On Mon, Jul 7, 2014 at 4:53 AM, Geert Bormans
geert@xxxxxxxxxxxxxxxxxxx <xsl-list-service@xxxxxxxxxxxxxxxxxxxxxx>
wrote:
> Hi Gerrit,
>
> First my congratulations to the German team
> (I admit they should have scored an extra goal...
> given I made a bet at the office for 2-0, that would have brought me some
> cash :-)
>
> Thanks very much for this solution.
> It is exactly what I was looking for.
> It seems robust and elegant, and I love patterns with a name ;-)
>
> Thanks a ton
>
> Geert
>
>
> At 20:20 4/07/2014, you wrote:
>>
>> <?xml version="1.0" encoding="UTF-8"?>
>> <xsl:stylesheet xmlns:xsl="http://www.w3.org/1999/XSL/Transform";
>>   version="2.0">
>>
>>   <xsl:output indent="yes"/>
>>
>>   <xsl:template match="* | @*" mode="#default">
>>     <xsl:copy>
>>       <xsl:apply-templates select="@*, node()" mode="#current"/>
>>     </xsl:copy>
>>   </xsl:template>
>>
>>   <xsl:template match="book" mode="#default">
>>     <xsl:variable name="context" select="." as="element(book)" />
>>     <xsl:copy>
>>       <xsl:for-each-group select="descendant::node()[not(node())]"
>> group-starting-with="pb">
>>         <xsl:copy-of select="self::pb"/>
>>         <xsl:apply-templates select="$context/*" mode="split">
>>           <xsl:with-param name="restricted-to"

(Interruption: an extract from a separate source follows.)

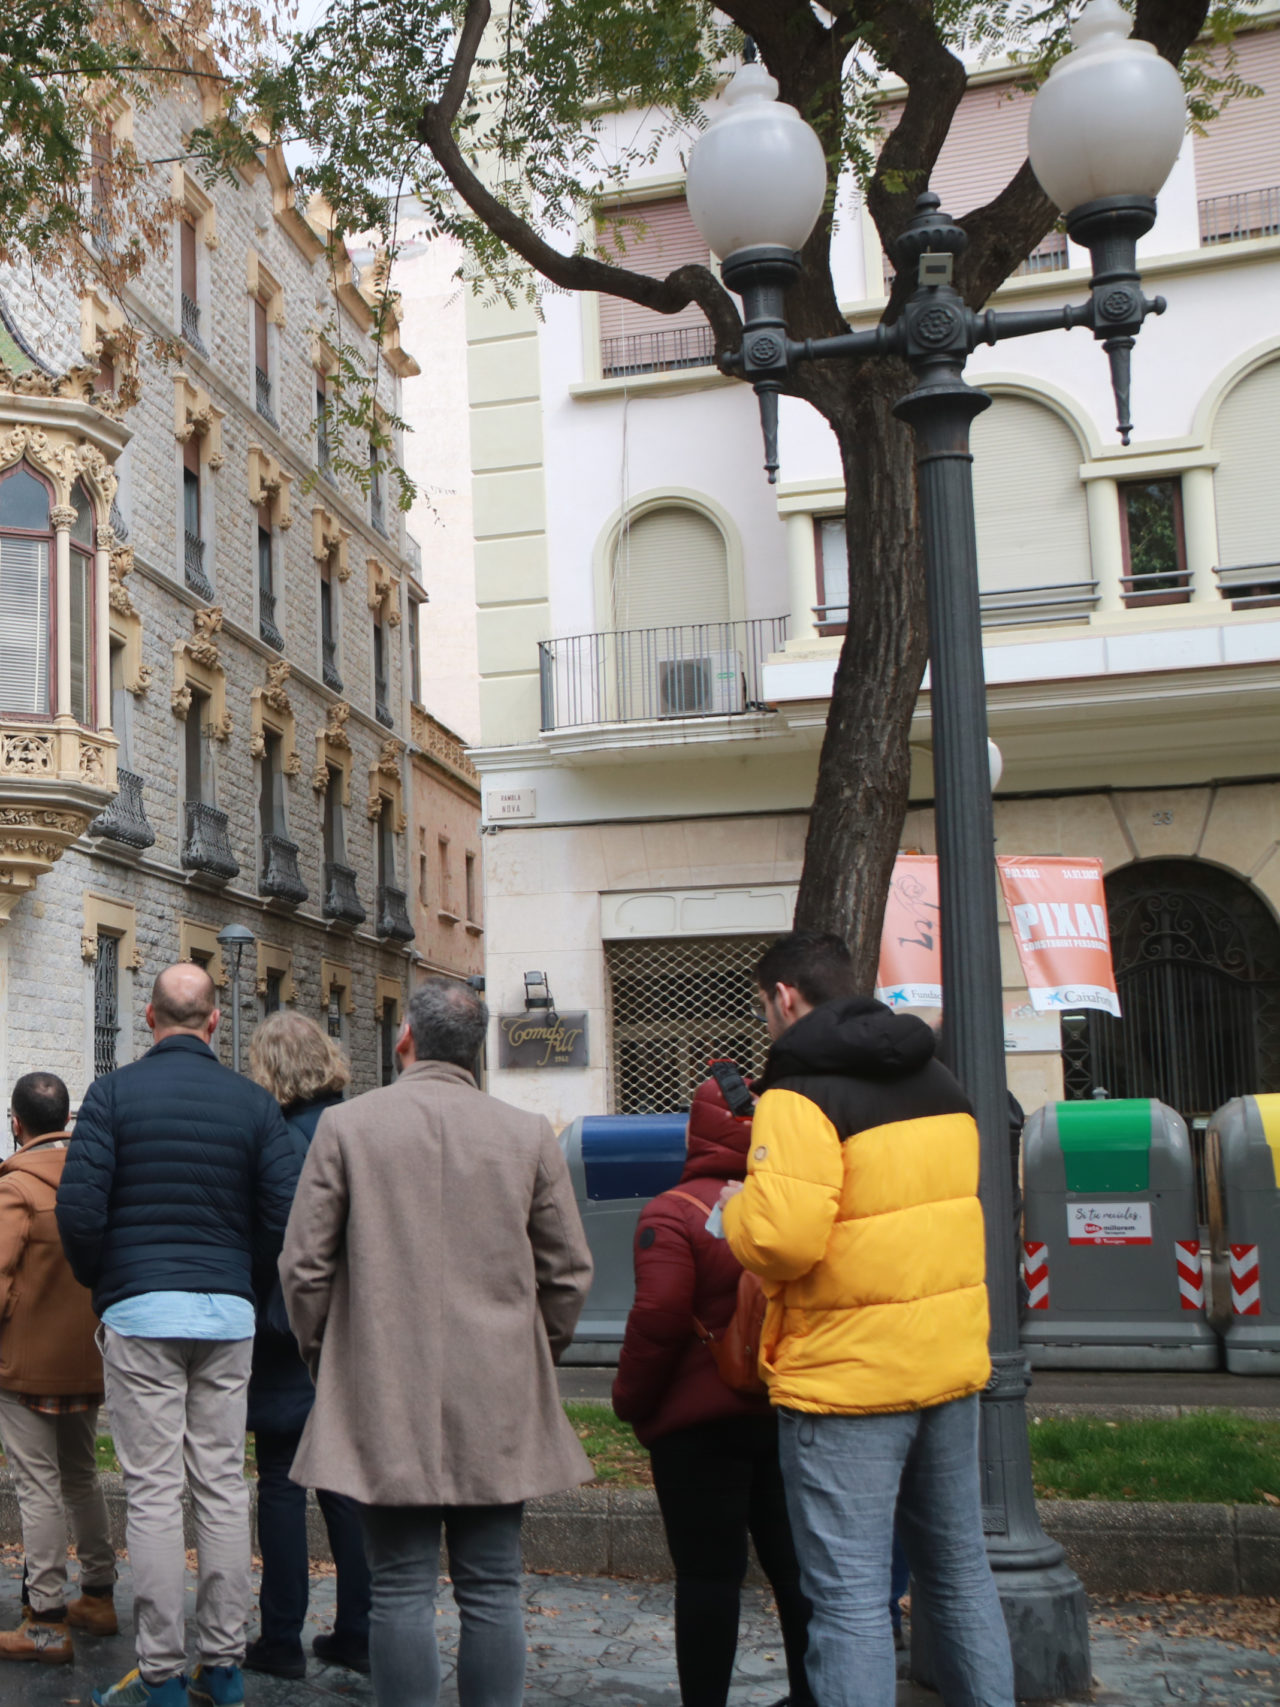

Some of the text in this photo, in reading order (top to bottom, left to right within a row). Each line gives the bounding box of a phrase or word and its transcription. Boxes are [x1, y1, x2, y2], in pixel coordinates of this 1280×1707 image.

[501, 804, 521, 812] NOVA
[1152, 810, 1174, 825] 23
[1075, 1208, 1086, 1220] Si

>> select="current-group()/ancestor-or-self::node()" tunnel="yes"/>
>>         </xsl:apply-templates>
>>       </xsl:for-each-group>
>>     </xsl:copy>
>>   </xsl:template>
>>
>>   <xsl:template match="node()" mode="split">
>>     <xsl:param name="restricted-to" as="node()+" tunnel="yes" />
>>     <xsl:if test="exists(. intersect $restricted-to)">
>>       <xsl:copy>
>>         <xsl:copy-of select="@*" />
>>         <xsl:apply-templates mode="#current" />
>>       </xsl:copy>
>>     </xsl:if>
>>   </xsl:template>
>>
>>   <xsl:template match="pb" mode="split"/>
>>
>> </xsl:stylesheet>
>>
>> On 04.07.2014 18:31, Geert Bormans geert@xxxxxxxxxxxxxxxxxxx wrote:
>>>
>>> Thanks Gerrit,
>>> (I admit I need to read this twice to get it, but that might be caused
>>> by the 0-1 and me not trying to miss all of the fun in Rio)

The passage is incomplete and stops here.